Concurrently, optical neural networks (ONNs)15,16 have shown remarkable progress in energy efficiency17,18, speed19, and bandwidth20 for solving deterministic tasks such as image classification21 and speech recognition22. An important feature of ONNs is the inherent presence of noise in their operation. Therefore, photonic computing hardware typically implements computational tasks that are robust to optical noise16. ONNs have also been explored in regimes where deterministic tasks are performed with high accuracy, despite the presence of high levels of inherent noise18. Conversely, ONNs in which optoelectronic noise is intentionally added have also been proposed for optimization23 and generative networks24. Interestingly, quantum optics offers a natural source of randomness in the ground state of electromagnetic field, known as quantum vacuum noise25,26,27. This intrinsic noise source is ubiquitous in optics and has been used to achieve high-data rate random number generation28,29. In addition, optical systems influenced by quantum vacuum noise have shown natural abilities to generate probability distributions30,31,32, which are of strong interest for computing applications13,14. However, the experimental demonstration of a photonic probabilistic machine learning system has remained elusive so far, mostly due to the lack of programmable stochastic photonic elements.

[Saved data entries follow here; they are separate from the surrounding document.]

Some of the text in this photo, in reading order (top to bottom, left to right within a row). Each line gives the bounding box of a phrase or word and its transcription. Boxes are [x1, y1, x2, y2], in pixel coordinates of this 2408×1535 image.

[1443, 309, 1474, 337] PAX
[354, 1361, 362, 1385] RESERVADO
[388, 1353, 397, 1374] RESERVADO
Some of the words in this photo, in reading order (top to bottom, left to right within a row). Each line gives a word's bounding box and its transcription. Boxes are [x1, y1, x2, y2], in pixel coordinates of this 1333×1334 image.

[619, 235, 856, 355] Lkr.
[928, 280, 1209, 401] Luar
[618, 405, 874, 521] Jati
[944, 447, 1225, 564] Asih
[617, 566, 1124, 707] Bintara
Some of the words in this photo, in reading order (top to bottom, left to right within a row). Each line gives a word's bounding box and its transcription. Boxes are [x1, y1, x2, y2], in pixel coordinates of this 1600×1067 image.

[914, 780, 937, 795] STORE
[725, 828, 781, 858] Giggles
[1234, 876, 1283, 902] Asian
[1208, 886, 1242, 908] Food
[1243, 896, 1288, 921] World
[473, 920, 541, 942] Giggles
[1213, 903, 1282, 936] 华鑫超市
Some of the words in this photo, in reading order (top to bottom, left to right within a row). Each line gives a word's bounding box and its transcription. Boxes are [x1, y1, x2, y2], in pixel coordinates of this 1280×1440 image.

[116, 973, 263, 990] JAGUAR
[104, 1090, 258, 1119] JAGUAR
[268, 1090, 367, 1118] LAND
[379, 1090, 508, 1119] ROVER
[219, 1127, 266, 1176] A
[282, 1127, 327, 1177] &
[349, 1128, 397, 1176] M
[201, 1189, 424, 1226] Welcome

Here, we experimentally demonstrate a probabilistic computing platform utilizing photonic probabilistic neurons (PPNs). Our PPN is implemented as a biased degenerate optical parametric oscillator (OPO), which leverages quantum vacuum noise to generate a probability distribution encoded by a bias field. We realized a hybrid optoelectronic probabilistic machine learning system which combines time-multiplexed PPNs and electronic processors with algorithm-specific measurement-and-feedback strategies. We demonstrate probabilistic inference of MNIST-handwritten digits with a stochastic binary neural network (SBNN), highlighting how quantum vacuum noise can encode classification uncertainty in discriminative models. Additionally, we showcase the generation of MNIST-handwritten digits with a pixel convolutional neural network (pixelCNN), demonstrating how statistical sampling in generative models can be facilitated by quantum vacuum noise. Furthermore, we provide a thorough discussion of the potential of an all-optical probabilistic machine learning system, offering a possible performance enhancement by a factor of 100 in both speed and energy over traditional CMOS implementations, thereby opening new avenues in high-speed, energy-efficient computing applications.

Results

Probabilistic computing with time-multiplexed PPNs

We first provide a brief overview of two probabilistic machine learning models and their optical implementation with PPNs (Fig. 1).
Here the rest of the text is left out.